= Entries provided =

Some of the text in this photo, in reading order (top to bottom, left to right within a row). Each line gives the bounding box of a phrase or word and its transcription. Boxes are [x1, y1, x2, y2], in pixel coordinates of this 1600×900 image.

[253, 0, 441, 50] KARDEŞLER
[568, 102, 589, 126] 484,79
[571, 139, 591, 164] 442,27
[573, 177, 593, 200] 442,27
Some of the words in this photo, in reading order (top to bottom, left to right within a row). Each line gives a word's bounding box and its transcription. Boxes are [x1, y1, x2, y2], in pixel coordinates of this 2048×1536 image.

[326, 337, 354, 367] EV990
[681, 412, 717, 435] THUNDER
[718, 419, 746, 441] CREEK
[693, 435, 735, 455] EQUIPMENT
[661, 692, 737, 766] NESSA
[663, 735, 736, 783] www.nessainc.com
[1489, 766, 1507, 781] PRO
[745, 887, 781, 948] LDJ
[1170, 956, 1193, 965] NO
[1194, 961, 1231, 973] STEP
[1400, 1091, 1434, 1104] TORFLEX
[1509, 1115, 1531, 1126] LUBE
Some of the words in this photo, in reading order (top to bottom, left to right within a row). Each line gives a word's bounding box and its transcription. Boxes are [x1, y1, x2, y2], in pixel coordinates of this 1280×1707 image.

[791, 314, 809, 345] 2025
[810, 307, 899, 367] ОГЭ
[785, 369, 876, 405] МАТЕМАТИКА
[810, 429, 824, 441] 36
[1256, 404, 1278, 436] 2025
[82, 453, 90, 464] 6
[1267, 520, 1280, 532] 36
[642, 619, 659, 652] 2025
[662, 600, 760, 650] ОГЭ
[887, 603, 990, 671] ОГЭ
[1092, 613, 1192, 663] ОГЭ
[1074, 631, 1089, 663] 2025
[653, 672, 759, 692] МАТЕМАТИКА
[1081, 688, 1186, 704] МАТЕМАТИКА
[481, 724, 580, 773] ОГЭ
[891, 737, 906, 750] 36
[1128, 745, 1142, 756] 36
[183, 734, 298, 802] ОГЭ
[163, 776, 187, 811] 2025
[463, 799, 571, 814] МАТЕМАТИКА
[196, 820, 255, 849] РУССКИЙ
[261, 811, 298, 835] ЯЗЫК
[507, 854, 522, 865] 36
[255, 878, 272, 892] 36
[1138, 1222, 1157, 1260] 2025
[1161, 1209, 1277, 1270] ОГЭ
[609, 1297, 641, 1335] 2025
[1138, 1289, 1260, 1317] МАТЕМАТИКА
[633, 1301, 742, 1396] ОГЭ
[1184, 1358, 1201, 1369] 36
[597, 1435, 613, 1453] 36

= What is required =
Give exactly the lines from the one with "this 2048×1536 image." to the end of the entries, nothing before them.

= Task solution =
Some of the words in this photo, in reading order (top to bottom, left to right within a row). Each line gives a word's bounding box and its transcription. Boxes are [x1, y1, x2, y2], in pixel coordinates of this 2048×1536 image.

[326, 337, 354, 367] EV990
[681, 412, 717, 435] THUNDER
[718, 419, 746, 441] CREEK
[693, 435, 735, 455] EQUIPMENT
[661, 692, 737, 766] NESSA
[663, 735, 736, 783] www.nessainc.com
[1489, 766, 1507, 781] PRO
[745, 887, 781, 948] LDJ
[1170, 956, 1193, 965] NO
[1194, 961, 1231, 973] STEP
[1400, 1091, 1434, 1104] TORFLEX
[1509, 1115, 1531, 1126] LUBE
Some of the words in this photo, in reading order (top to bottom, left to right within a row). Each line gives a word's bounding box and its transcription. Boxes are [x1, y1, x2, y2], in pixel coordinates of this 1280×1707 image.

[791, 314, 809, 345] 2025
[810, 307, 899, 367] ОГЭ
[785, 369, 876, 405] МАТЕМАТИКА
[810, 429, 824, 441] 36
[1256, 404, 1278, 436] 2025
[82, 453, 90, 464] 6
[1267, 520, 1280, 532] 36
[642, 619, 659, 652] 2025
[662, 600, 760, 650] ОГЭ
[887, 603, 990, 671] ОГЭ
[1092, 613, 1192, 663] ОГЭ
[1074, 631, 1089, 663] 2025
[653, 672, 759, 692] МАТЕМАТИКА
[1081, 688, 1186, 704] МАТЕМАТИКА
[481, 724, 580, 773] ОГЭ
[891, 737, 906, 750] 36
[1128, 745, 1142, 756] 36
[183, 734, 298, 802] ОГЭ
[163, 776, 187, 811] 2025
[463, 799, 571, 814] МАТЕМАТИКА
[196, 820, 255, 849] РУССКИЙ
[261, 811, 298, 835] ЯЗЫК
[507, 854, 522, 865] 36
[255, 878, 272, 892] 36
[1138, 1222, 1157, 1260] 2025
[1161, 1209, 1277, 1270] ОГЭ
[609, 1297, 641, 1335] 2025
[1138, 1289, 1260, 1317] МАТЕМАТИКА
[633, 1301, 742, 1396] ОГЭ
[1184, 1358, 1201, 1369] 36
[597, 1435, 613, 1453] 36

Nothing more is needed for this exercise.